- **Task instructions**:
All the entries that follow are to be returned exactly.

---------- Records for the task

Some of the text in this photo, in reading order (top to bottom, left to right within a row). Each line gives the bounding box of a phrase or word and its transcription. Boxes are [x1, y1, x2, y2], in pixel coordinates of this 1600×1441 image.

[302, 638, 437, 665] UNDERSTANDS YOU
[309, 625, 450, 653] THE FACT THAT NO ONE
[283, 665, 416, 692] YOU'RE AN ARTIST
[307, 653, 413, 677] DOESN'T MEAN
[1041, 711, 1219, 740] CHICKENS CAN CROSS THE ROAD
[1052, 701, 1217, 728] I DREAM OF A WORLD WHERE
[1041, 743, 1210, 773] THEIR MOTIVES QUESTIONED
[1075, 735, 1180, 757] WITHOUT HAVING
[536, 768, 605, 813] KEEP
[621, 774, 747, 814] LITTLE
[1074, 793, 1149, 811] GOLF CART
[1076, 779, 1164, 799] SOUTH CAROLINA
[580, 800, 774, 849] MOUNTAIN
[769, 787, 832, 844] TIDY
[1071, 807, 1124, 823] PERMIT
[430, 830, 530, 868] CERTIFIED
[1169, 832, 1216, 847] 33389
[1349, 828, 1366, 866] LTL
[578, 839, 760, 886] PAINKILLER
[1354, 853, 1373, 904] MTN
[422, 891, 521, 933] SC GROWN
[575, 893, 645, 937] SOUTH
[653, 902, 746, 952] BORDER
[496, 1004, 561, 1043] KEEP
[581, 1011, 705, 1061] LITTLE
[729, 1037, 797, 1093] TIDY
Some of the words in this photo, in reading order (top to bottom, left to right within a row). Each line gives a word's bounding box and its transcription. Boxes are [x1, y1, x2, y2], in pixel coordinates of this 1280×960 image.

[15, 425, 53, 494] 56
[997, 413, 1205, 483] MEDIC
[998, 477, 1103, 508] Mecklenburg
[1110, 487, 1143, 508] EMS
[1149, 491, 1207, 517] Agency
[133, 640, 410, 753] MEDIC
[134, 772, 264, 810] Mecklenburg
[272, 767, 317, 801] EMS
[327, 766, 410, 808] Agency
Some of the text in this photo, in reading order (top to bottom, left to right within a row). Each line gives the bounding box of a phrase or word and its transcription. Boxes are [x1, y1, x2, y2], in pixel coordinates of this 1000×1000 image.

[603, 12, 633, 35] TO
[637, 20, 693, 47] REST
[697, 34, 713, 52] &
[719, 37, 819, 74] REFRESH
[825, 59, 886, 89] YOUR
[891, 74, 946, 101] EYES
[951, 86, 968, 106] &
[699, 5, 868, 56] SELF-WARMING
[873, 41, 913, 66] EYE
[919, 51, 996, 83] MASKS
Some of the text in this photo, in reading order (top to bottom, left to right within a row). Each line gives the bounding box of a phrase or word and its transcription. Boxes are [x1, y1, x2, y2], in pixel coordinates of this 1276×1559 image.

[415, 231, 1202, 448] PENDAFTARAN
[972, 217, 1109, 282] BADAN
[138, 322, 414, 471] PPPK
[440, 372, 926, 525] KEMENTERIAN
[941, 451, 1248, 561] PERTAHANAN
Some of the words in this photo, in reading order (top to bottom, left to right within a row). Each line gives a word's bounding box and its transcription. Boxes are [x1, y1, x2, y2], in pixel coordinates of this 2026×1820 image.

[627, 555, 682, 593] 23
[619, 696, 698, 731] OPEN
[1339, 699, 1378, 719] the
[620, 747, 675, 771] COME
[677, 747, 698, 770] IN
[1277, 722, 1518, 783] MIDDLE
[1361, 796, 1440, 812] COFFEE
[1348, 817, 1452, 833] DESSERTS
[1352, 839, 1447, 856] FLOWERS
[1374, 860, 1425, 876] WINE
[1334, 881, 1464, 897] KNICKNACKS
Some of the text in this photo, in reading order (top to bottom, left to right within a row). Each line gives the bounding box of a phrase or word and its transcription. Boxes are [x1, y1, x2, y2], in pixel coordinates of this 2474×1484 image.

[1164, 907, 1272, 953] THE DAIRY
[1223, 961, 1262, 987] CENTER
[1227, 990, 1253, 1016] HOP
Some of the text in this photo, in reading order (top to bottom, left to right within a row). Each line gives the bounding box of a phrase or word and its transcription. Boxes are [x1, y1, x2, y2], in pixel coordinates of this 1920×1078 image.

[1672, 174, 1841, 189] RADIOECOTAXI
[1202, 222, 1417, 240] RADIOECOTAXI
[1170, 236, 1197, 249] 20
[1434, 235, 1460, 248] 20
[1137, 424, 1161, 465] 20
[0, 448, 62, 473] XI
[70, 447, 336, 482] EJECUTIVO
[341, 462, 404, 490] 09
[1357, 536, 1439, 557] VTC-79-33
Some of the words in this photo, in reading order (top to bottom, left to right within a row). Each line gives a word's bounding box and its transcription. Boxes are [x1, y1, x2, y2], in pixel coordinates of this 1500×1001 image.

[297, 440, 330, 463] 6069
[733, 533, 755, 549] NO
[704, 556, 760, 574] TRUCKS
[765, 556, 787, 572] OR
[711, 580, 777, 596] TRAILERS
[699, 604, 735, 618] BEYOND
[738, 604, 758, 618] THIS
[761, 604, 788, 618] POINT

--------------------

- **Your solution**:
Some of the text in this photo, in reading order (top to bottom, left to right within a row). Each line gives the bounding box of a phrase or word and its transcription. Boxes are [x1, y1, x2, y2], in pixel coordinates of this 1600×1441 image.

[302, 638, 437, 665] UNDERSTANDS YOU
[309, 625, 450, 653] THE FACT THAT NO ONE
[283, 665, 416, 692] YOU'RE AN ARTIST
[307, 653, 413, 677] DOESN'T MEAN
[1041, 711, 1219, 740] CHICKENS CAN CROSS THE ROAD
[1052, 701, 1217, 728] I DREAM OF A WORLD WHERE
[1041, 743, 1210, 773] THEIR MOTIVES QUESTIONED
[1075, 735, 1180, 757] WITHOUT HAVING
[536, 768, 605, 813] KEEP
[621, 774, 747, 814] LITTLE
[1074, 793, 1149, 811] GOLF CART
[1076, 779, 1164, 799] SOUTH CAROLINA
[580, 800, 774, 849] MOUNTAIN
[769, 787, 832, 844] TIDY
[1071, 807, 1124, 823] PERMIT
[430, 830, 530, 868] CERTIFIED
[1169, 832, 1216, 847] 33389
[1349, 828, 1366, 866] LTL
[578, 839, 760, 886] PAINKILLER
[1354, 853, 1373, 904] MTN
[422, 891, 521, 933] SC GROWN
[575, 893, 645, 937] SOUTH
[653, 902, 746, 952] BORDER
[496, 1004, 561, 1043] KEEP
[581, 1011, 705, 1061] LITTLE
[729, 1037, 797, 1093] TIDY
Some of the words in this photo, in reading order (top to bottom, left to right within a row). Each line gives a word's bounding box and its transcription. Boxes are [x1, y1, x2, y2], in pixel coordinates of this 1280×960 image.

[15, 425, 53, 494] 56
[997, 413, 1205, 483] MEDIC
[998, 477, 1103, 508] Mecklenburg
[1110, 487, 1143, 508] EMS
[1149, 491, 1207, 517] Agency
[133, 640, 410, 753] MEDIC
[134, 772, 264, 810] Mecklenburg
[272, 767, 317, 801] EMS
[327, 766, 410, 808] Agency
Some of the text in this photo, in reading order (top to bottom, left to right within a row). Each line gives the bounding box of a phrase or word and its transcription. Boxes are [x1, y1, x2, y2], in pixel coordinates of this 1000×1000 image.

[603, 12, 633, 35] TO
[637, 20, 693, 47] REST
[697, 34, 713, 52] &
[719, 37, 819, 74] REFRESH
[825, 59, 886, 89] YOUR
[891, 74, 946, 101] EYES
[951, 86, 968, 106] &
[699, 5, 868, 56] SELF-WARMING
[873, 41, 913, 66] EYE
[919, 51, 996, 83] MASKS
Some of the text in this photo, in reading order (top to bottom, left to right within a row). Each line gives the bounding box of a phrase or word and its transcription. Boxes are [x1, y1, x2, y2], in pixel coordinates of this 1276×1559 image.

[415, 231, 1202, 448] PENDAFTARAN
[972, 217, 1109, 282] BADAN
[138, 322, 414, 471] PPPK
[440, 372, 926, 525] KEMENTERIAN
[941, 451, 1248, 561] PERTAHANAN
Some of the words in this photo, in reading order (top to bottom, left to right within a row). Each line gives a word's bounding box and its transcription. Boxes are [x1, y1, x2, y2], in pixel coordinates of this 2026×1820 image.

[627, 555, 682, 593] 23
[619, 696, 698, 731] OPEN
[1339, 699, 1378, 719] the
[620, 747, 675, 771] COME
[677, 747, 698, 770] IN
[1277, 722, 1518, 783] MIDDLE
[1361, 796, 1440, 812] COFFEE
[1348, 817, 1452, 833] DESSERTS
[1352, 839, 1447, 856] FLOWERS
[1374, 860, 1425, 876] WINE
[1334, 881, 1464, 897] KNICKNACKS
Some of the text in this photo, in reading order (top to bottom, left to right within a row). Each line gives the bounding box of a phrase or word and its transcription. Boxes are [x1, y1, x2, y2], in pixel coordinates of this 2474×1484 image.

[1164, 907, 1272, 953] THE DAIRY
[1223, 961, 1262, 987] CENTER
[1227, 990, 1253, 1016] HOP
Some of the text in this photo, in reading order (top to bottom, left to right within a row). Each line gives the bounding box of a phrase or word and its transcription. Boxes are [x1, y1, x2, y2], in pixel coordinates of this 1920×1078 image.

[1672, 174, 1841, 189] RADIOECOTAXI
[1202, 222, 1417, 240] RADIOECOTAXI
[1170, 236, 1197, 249] 20
[1434, 235, 1460, 248] 20
[1137, 424, 1161, 465] 20
[0, 448, 62, 473] XI
[70, 447, 336, 482] EJECUTIVO
[341, 462, 404, 490] 09
[1357, 536, 1439, 557] VTC-79-33
Some of the words in this photo, in reading order (top to bottom, left to right within a row). Each line gives a word's bounding box and its transcription. Boxes are [x1, y1, x2, y2], in pixel coordinates of this 1500×1001 image.

[297, 440, 330, 463] 6069
[733, 533, 755, 549] NO
[704, 556, 760, 574] TRUCKS
[765, 556, 787, 572] OR
[711, 580, 777, 596] TRAILERS
[699, 604, 735, 618] BEYOND
[738, 604, 758, 618] THIS
[761, 604, 788, 618] POINT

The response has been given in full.